在過去，提到資訊安全，最常談的是機密性、完整性和可用性，企業往往只要顧好這三個面向，就不會有問題。但今日已不再是獨善其身的時代了；任何東西只要連上網，就算是穿戴裝置，也會有遭駭的風險。

因此，蒲樹盛認為，策略是最重要的。要建立有效的策略，首先須了解風險，而提出以下幾個建議，幫助大家找出風險、制訂策略：

1. 政策：隨著新科技的出現，公司需擴大政策範圍，比如制定以社群軟體交換訊息的政策、無線網路政策等，而政策的深淺則有賴風險程度。

2. 資訊分類分級：比如分A、B、C級，且各級也要說明如何控管等。不論是美國或中國網路安全法，都已有資訊分類分級的要求。因此，企業也應該對資訊分級分類。

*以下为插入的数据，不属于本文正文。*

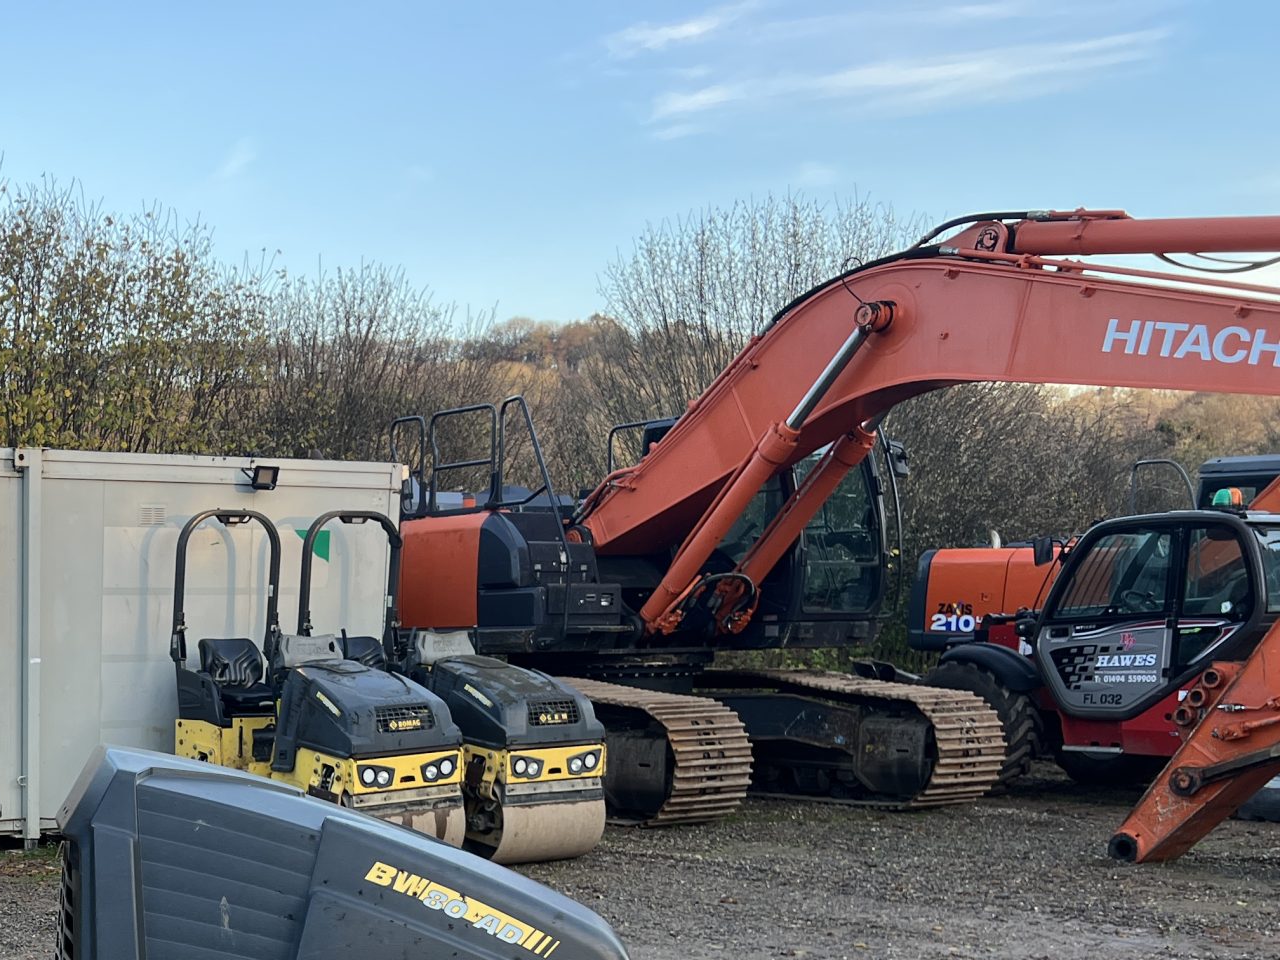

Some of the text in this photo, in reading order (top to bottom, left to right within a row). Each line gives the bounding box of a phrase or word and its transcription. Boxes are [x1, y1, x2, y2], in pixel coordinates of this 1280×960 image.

[938, 602, 973, 615] ZAXIS
[1095, 654, 1157, 667] HAWES
[1103, 675, 1125, 683] 01494
[1128, 674, 1157, 683] 559900
[1083, 694, 1122, 704] FL 032

3. 教育訓練；有計畫地引導公司同仁判斷訊息真假，比如分辨以假電子郵件地址進行詐騙或網路詐騙等。此外，教育訓練完的測試也很重要，以知道教育訓練成效與同仁的了解程度。

4. 技術控管：需進行生物辨識和身分識別。雖然目前多以指紋辨識技術為主，但未來可走向虹膜辨識或臉型辨識等。

5. 檢驗：透過監控來評估是否準備好面對資安風險

而為了保護個人資料的隱私，歐盟最嚴格的個資法：一般資料保護規範（General Data Protection Regulation，簡稱GDPR），將於今年5月25日生效。GDPR是臺灣個資法的兩倍、有99條，適用於任何與歐洲有來往的企業，不論公司規模大小、也不論歐洲客戶有多少，都一視同仁。但是，GDPR到底有哪些重點呢？今天，蒲樹盛再次強調GDPR 10大重點，讓大家一次了解歐盟最嚴的個資法。

重點1：5月25日正式生效

GDPR其實在2016年4月就已經通過了，不過這條規範將於 2018 年 5 月 25 日正式實行，適用於任何與歐洲有來往的企業。

重點2：企業必須設置資料保護長（DPO）

GDPR將企業分為資料控制者（Data controller）和資料處理者（Data processor），但不管是哪一種角色，只要涉及到蒐集歐盟民眾的個資，企業就必須依規定設置資料保護長（Data Protection Officer，DPO），並證實。

重點3：搜集資料於處理需取得明確的同意

雖然這個重點和其他個資保護法一樣，但一個明顯的不同是：企業不能使用術語等晦澀難懂的說法來取得個資，也就是說，企業必須用淺顯易懂的白話來解釋資料搜集，並取得民眾同意。

重點4:個人資料可攜權

個人資料可攜權指的是，歐洲民眾有權力將個人資料或相關資料從一個ISP（網路服務供應商）移轉到另一個ISP。也可想像成，某人將自己的資料從A電信轉移到B電信。

重點5：資料被遺忘權

這也就是人們有權要求移除自己負面或過時的個人資料。比如A一審有罪，但二審無罪，而網路上的搜尋仍有一審結果，這時就違反了資料被遺忘權。

重點6：72小時內需通報

GDPR明定，如果爆發個資外洩的資安事件，就要在72小時內通報給資料保護主管機關（Data Protection Authority）。

重點7：系統之資料保護設計

企業必須遵循個人資料蒐集最小原則（data minimization）。另外，GDPR也將「個人資料」範圍擴大到 Cookies、網路IP位址或GPS定位等，以及能夠辨識個人身分或性別的基因、生物特徵或醫療資料等。

重點8：反對權

歐洲公民可請求不再讓企業繼續使用個人資料，或個人紀錄。

重點9：建立資料保護影響評估（DPIA）

GDPR要求企業必須進行資料保護影響評估（Data Protection Impact Assessments，DPIA），以辨識業務中涉及個人隱私權的風險，並加以衡量、管理與因應，並於蒐集與處理個人資料前，評估該風險和業務活動必要性。

重點10：提高罰則

若違反GDPR，最高可罰2000萬歐元或全球總營業額的4%。